REPUBLIKA.CO.ID, TOKYO -- Shingo Nakaoka menatap wajah mantan Perdana Menteri Jepang, Shinzo Abe, yang pucat setelah ditembak oleh seorang pria bersenjata pada 8 Juli lalu. Dokter berusia 64 tahun itu mengetahui bahwa, upaya untuk membuat Abe bertahan hidup sangat kecil.
Nakaoka bergegas ke lokasi kejadian dari klinik terdekatnya dalam beberapa menit setelah penembakan Abe. Ketika itu, dia melihat wajah Abe sudah sangat pucat.
"Yang langsung mengejutkan saya adalah betapa pucat wajahnya," kata Nakaoka kepada Reuters melalui telepon beberapa hari setelah pembunuhan itu.
"Ketika kami memijat jantungnya, tubuhnya tidak berkedut. Dia hampir tidak sadar dan dia sangat pucat, saya langsung tahu dia dalam bahaya kritis," ujar Nakaoka menambahkan.

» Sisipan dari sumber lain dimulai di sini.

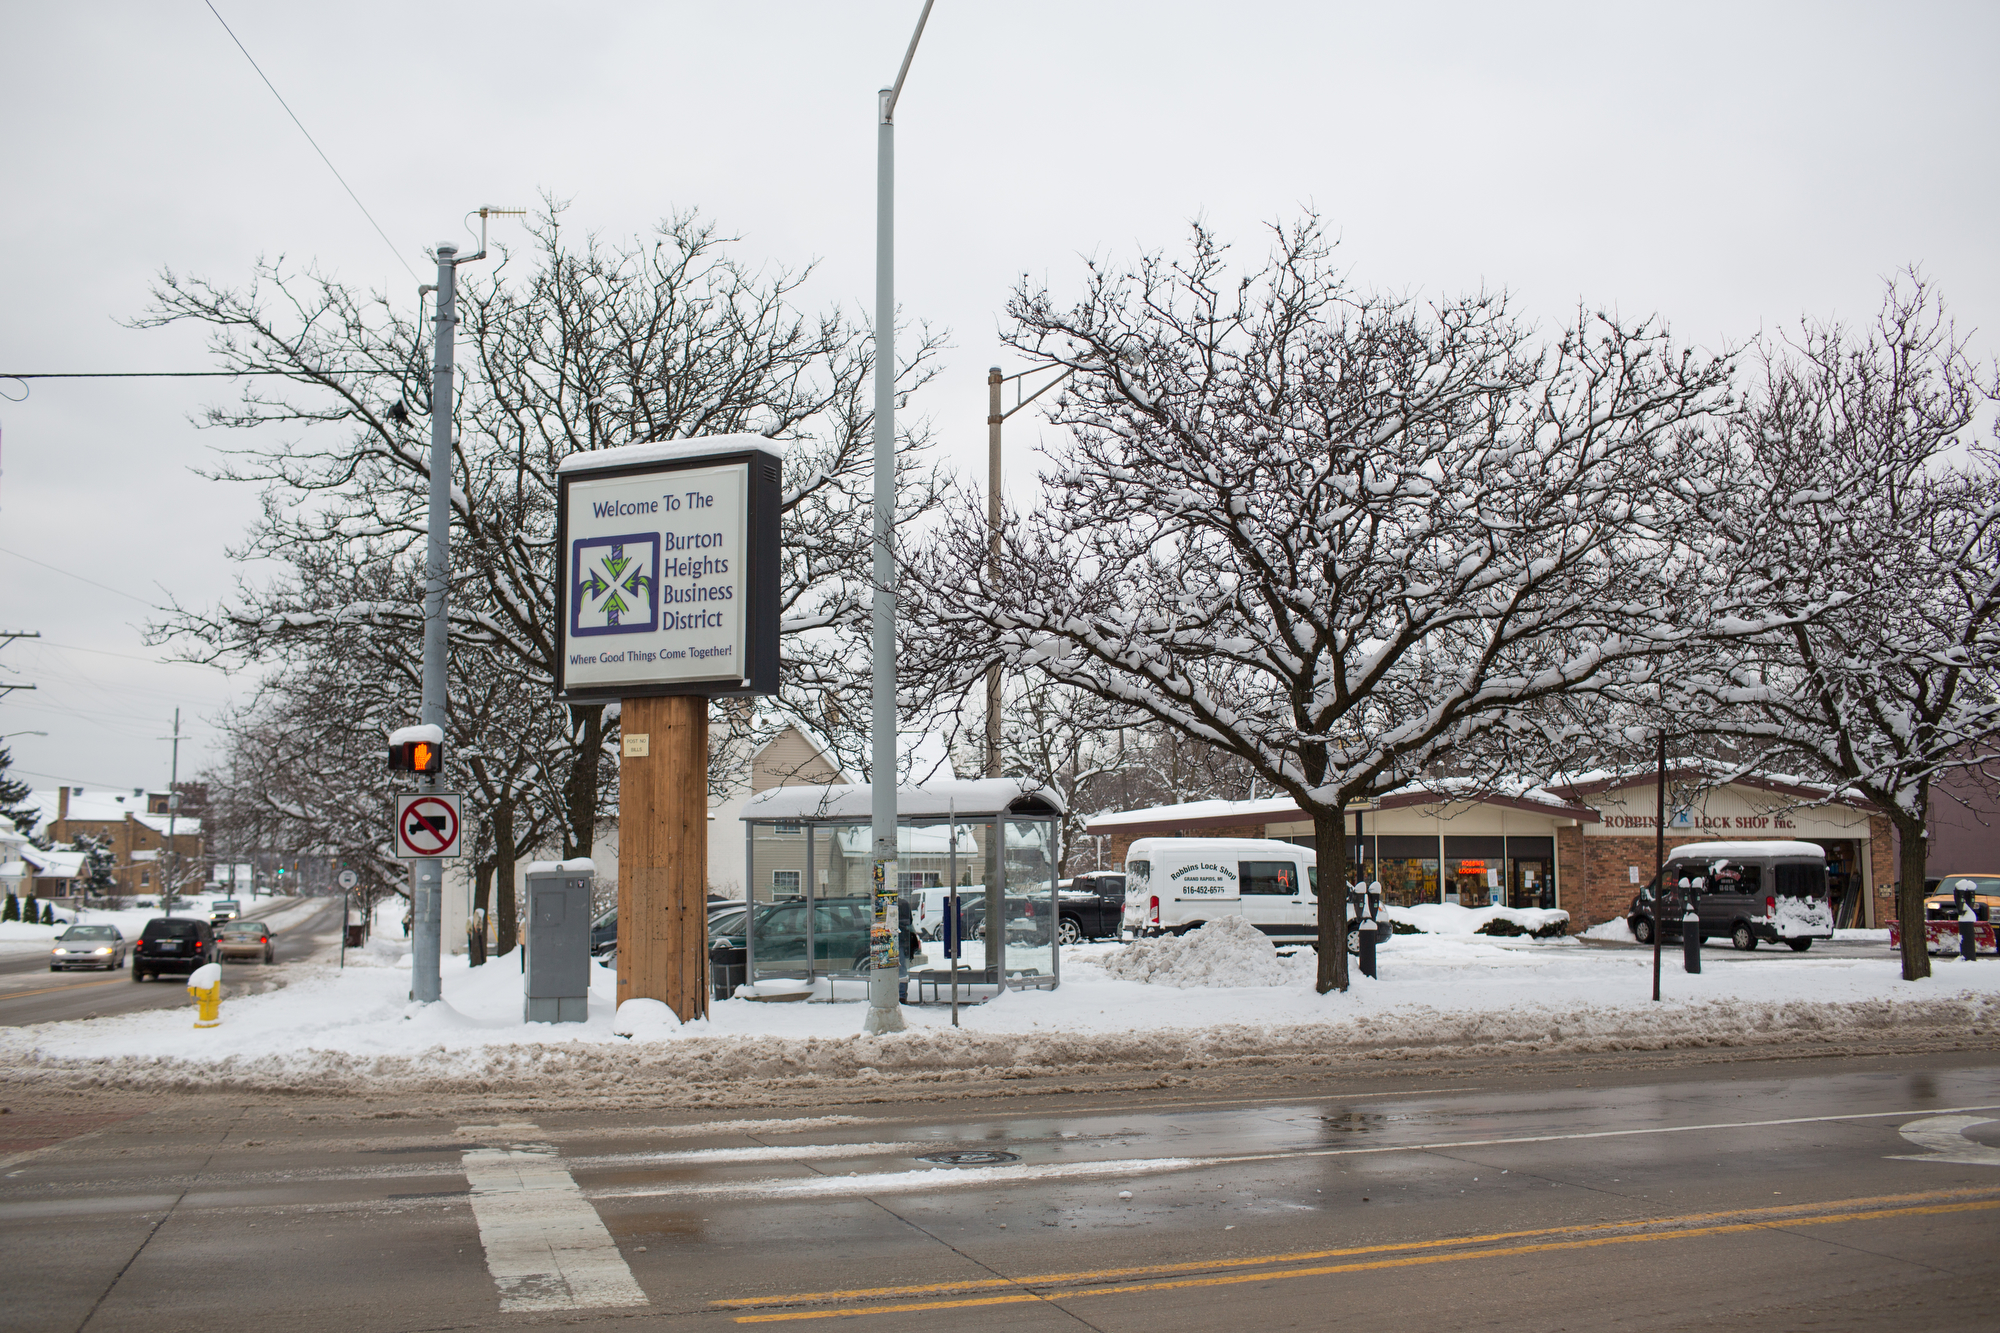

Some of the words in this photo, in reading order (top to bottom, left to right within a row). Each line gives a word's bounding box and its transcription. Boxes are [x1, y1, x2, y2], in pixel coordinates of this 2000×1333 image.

[593, 500, 659, 519] Welcome
[663, 494, 681, 512] To
[685, 492, 714, 509] The
[665, 532, 723, 551] Burton
[664, 555, 729, 579] Heights
[664, 582, 733, 604] Business
[663, 609, 723, 631] District
[570, 654, 597, 665] Where
[599, 651, 624, 663] Good
[627, 650, 657, 662] Things
[659, 648, 686, 660] Come
[688, 645, 732, 659] Together!
[1605, 815, 1665, 828] ROBBIN
[1695, 816, 1731, 829] LOCK
[1735, 816, 1769, 829] SHOP
[1774, 816, 1796, 829] inc.
[1170, 864, 1199, 881] Robbins
[1200, 862, 1218, 871] Lock
[1219, 865, 1237, 881] Shop
[1182, 886, 1225, 894] 616-452-6575

Dengan ditemani tiga perawat, Nakaoka berlari menuruni tiga anak tangga menuju ke tempat kejadian. Seseorang yang tampaknya dari rombongan Abe segera menyerahkannya sebuah defibrillator eksternal otomatis (AED), tetapi tidak menyala.
Kemudian salah satu dari tiga perawat yang menemani Nakaoka berlari kembali ke klinik untuk mengambil alat lainnya. Nakaoka kemudian menghubungkan AED ke tubuh Abe.

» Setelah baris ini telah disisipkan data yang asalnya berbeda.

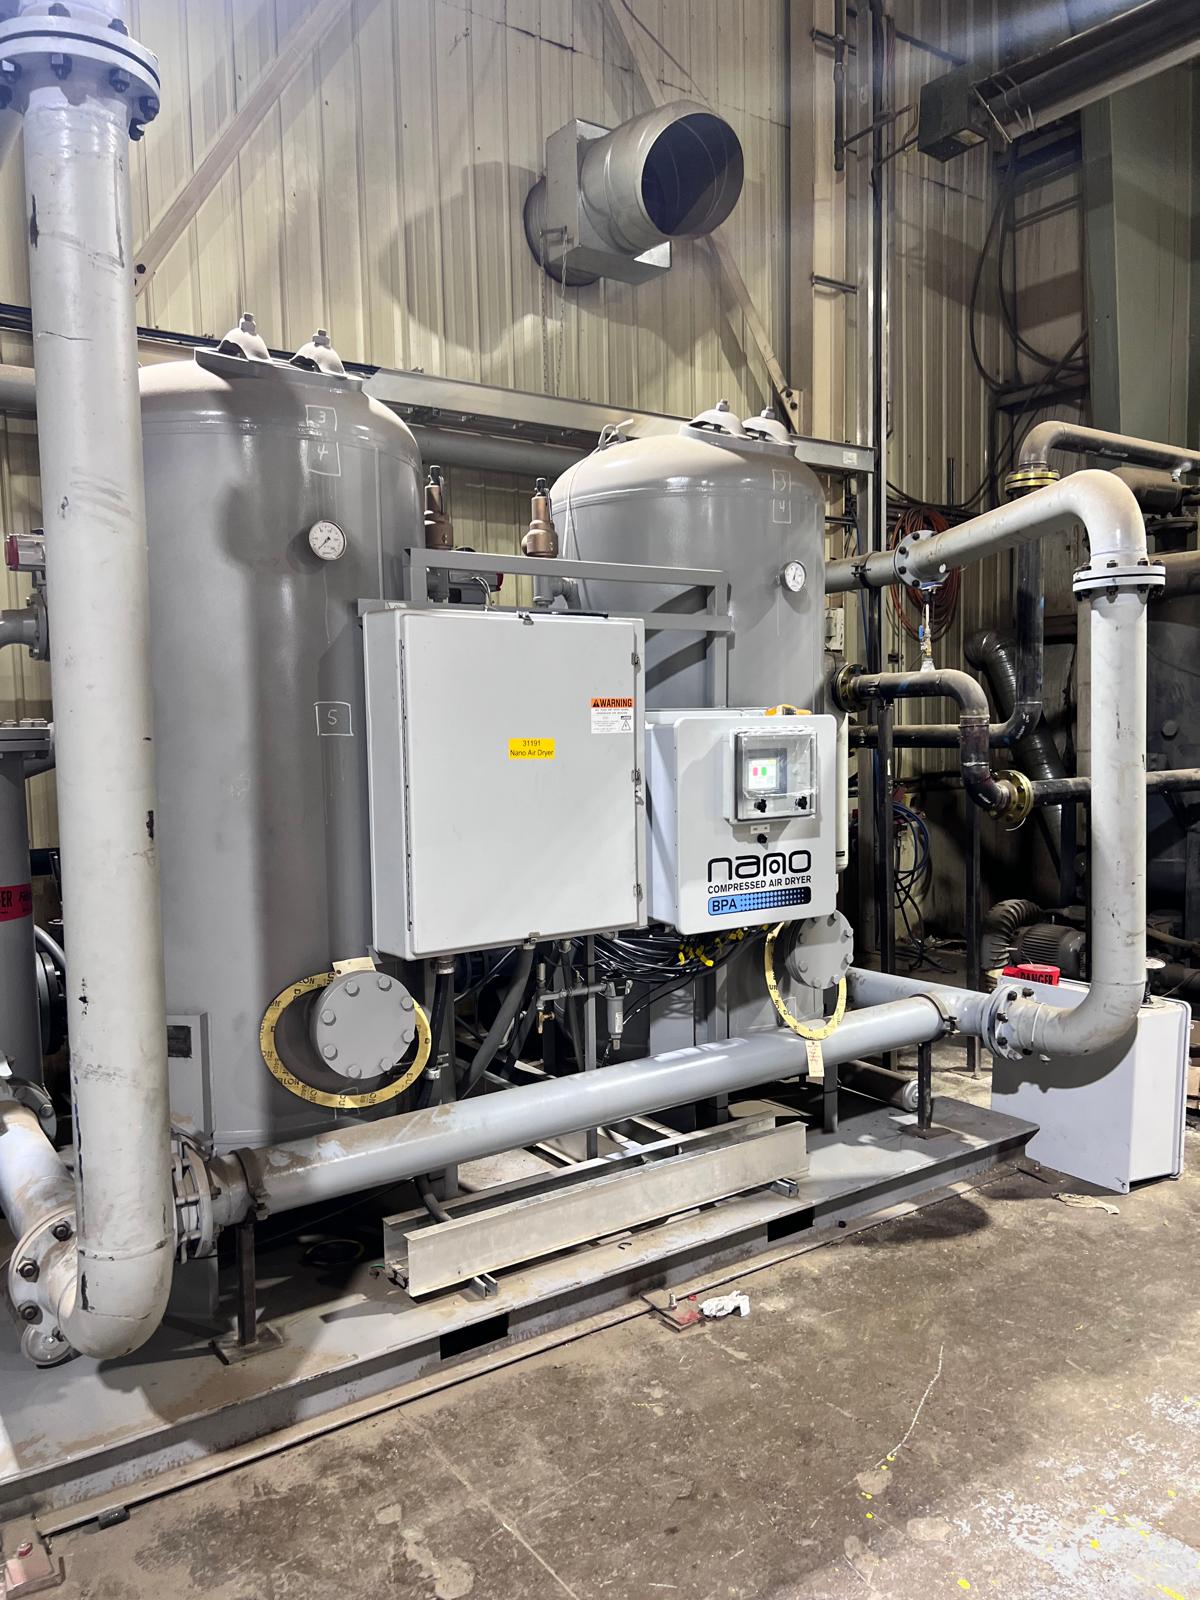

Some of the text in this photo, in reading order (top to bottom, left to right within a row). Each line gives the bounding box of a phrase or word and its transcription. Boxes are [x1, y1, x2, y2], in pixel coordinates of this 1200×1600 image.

"AED menyatakan bahwa, 'tidak sesuai'. Itu bisa terjadi ketika jantung berdetak normal, atau tidak sama sekali," ujar Nakaoka.
Tak ada jalan lain, Nakaoka bergantian dengan perawatnya untuk memompa jantung Abe secara manual. Tetapi karena Abe terlalu kehilangan banyak darah, maka hanya ada sedikit kesempatan untuk resusitasi di tempat kejadian.

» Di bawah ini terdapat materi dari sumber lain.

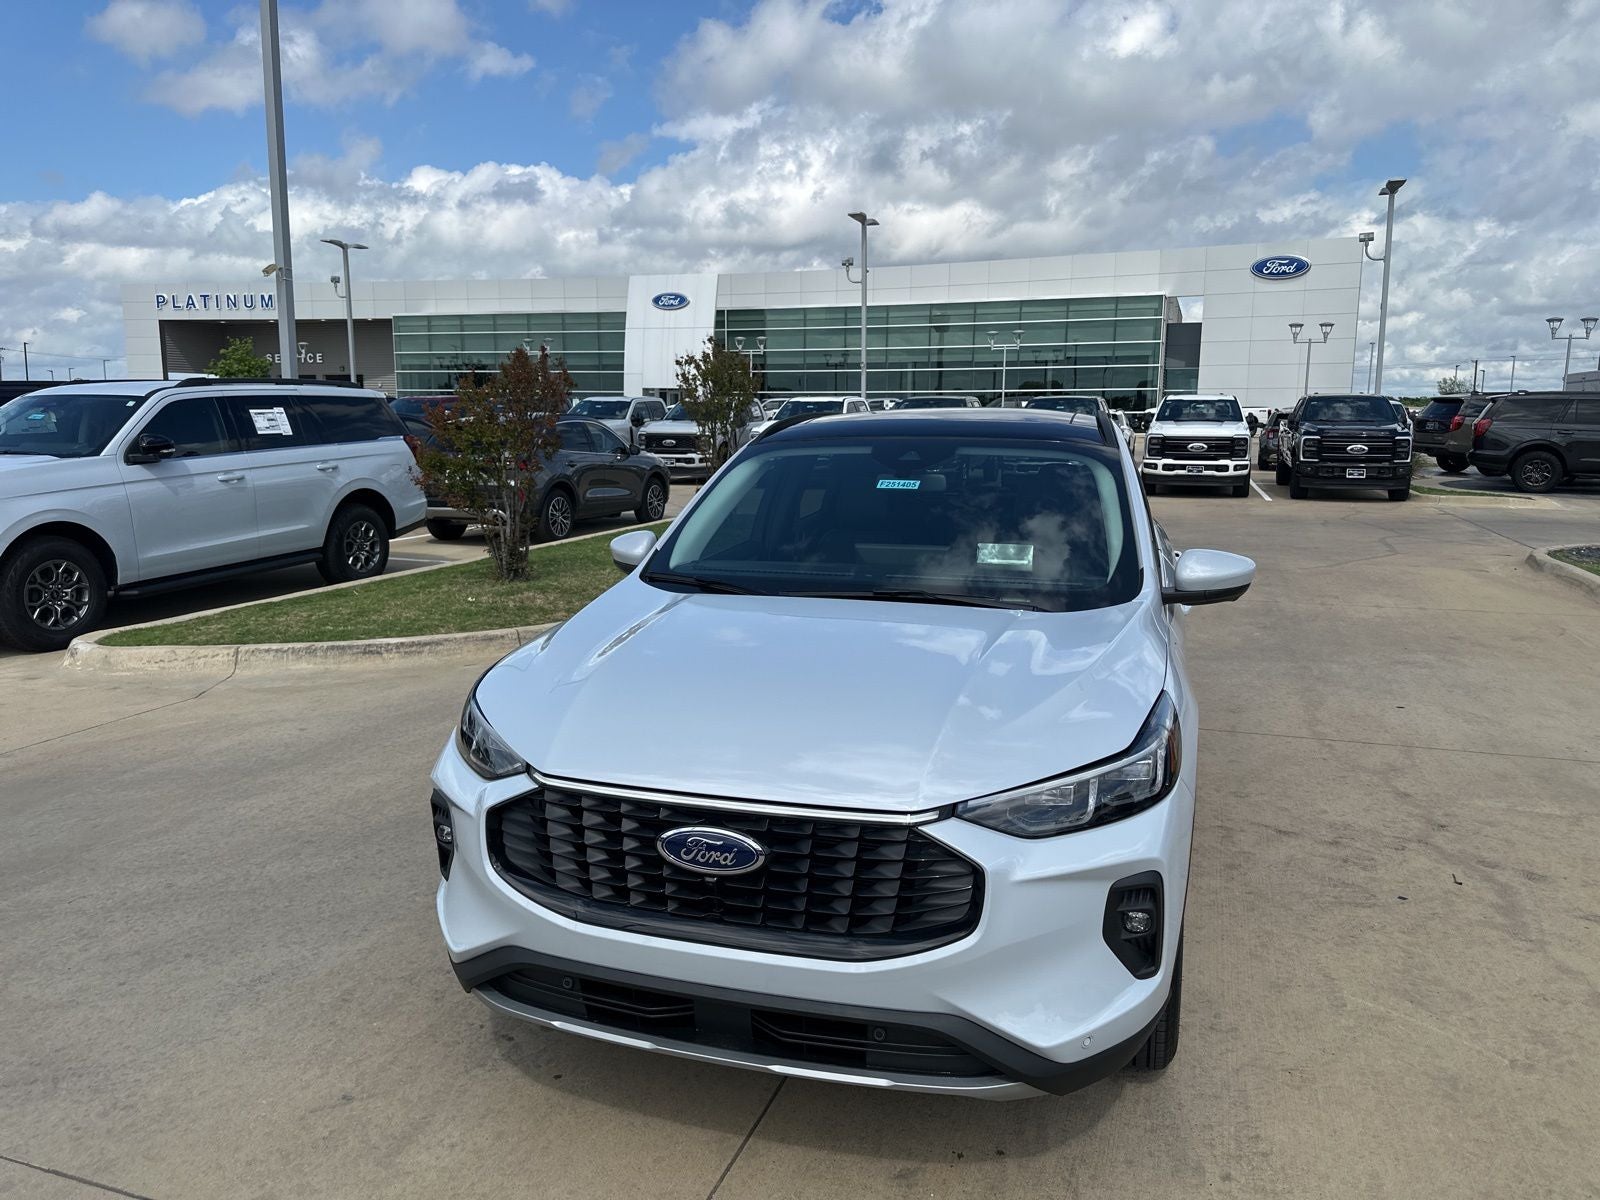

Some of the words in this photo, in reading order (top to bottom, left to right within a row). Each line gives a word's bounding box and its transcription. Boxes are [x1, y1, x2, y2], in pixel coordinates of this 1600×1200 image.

[1262, 259, 1298, 274] Ford
[155, 294, 274, 310] PLATINUM
[658, 295, 680, 306] Ford
[266, 353, 323, 363] SEICE
[680, 836, 738, 866] Ford

"Saat itu, saya sangat putus asa. Dia (Abe) tidak memberikan tanggapan," kata Nakaoka.
Juru bicara pemadam kebakaran Kota Nara mengatakan, ambulans tiba di lokasi kejadian pada pukul 11.41 waktu setempat, atau sekitar 11 menit setelah Abe ditembak. Nakaoka berpendapat ambulans datang terlalu lama karena Abe harus segera dilarikan ke rumah sakit besar untuk menerima perawatan.
"Rasanya sangat lama. Dia (Abe) harus segera pergi ke pusat medis besar, untuk menghentikan pendarahannya," kata Nakaoka.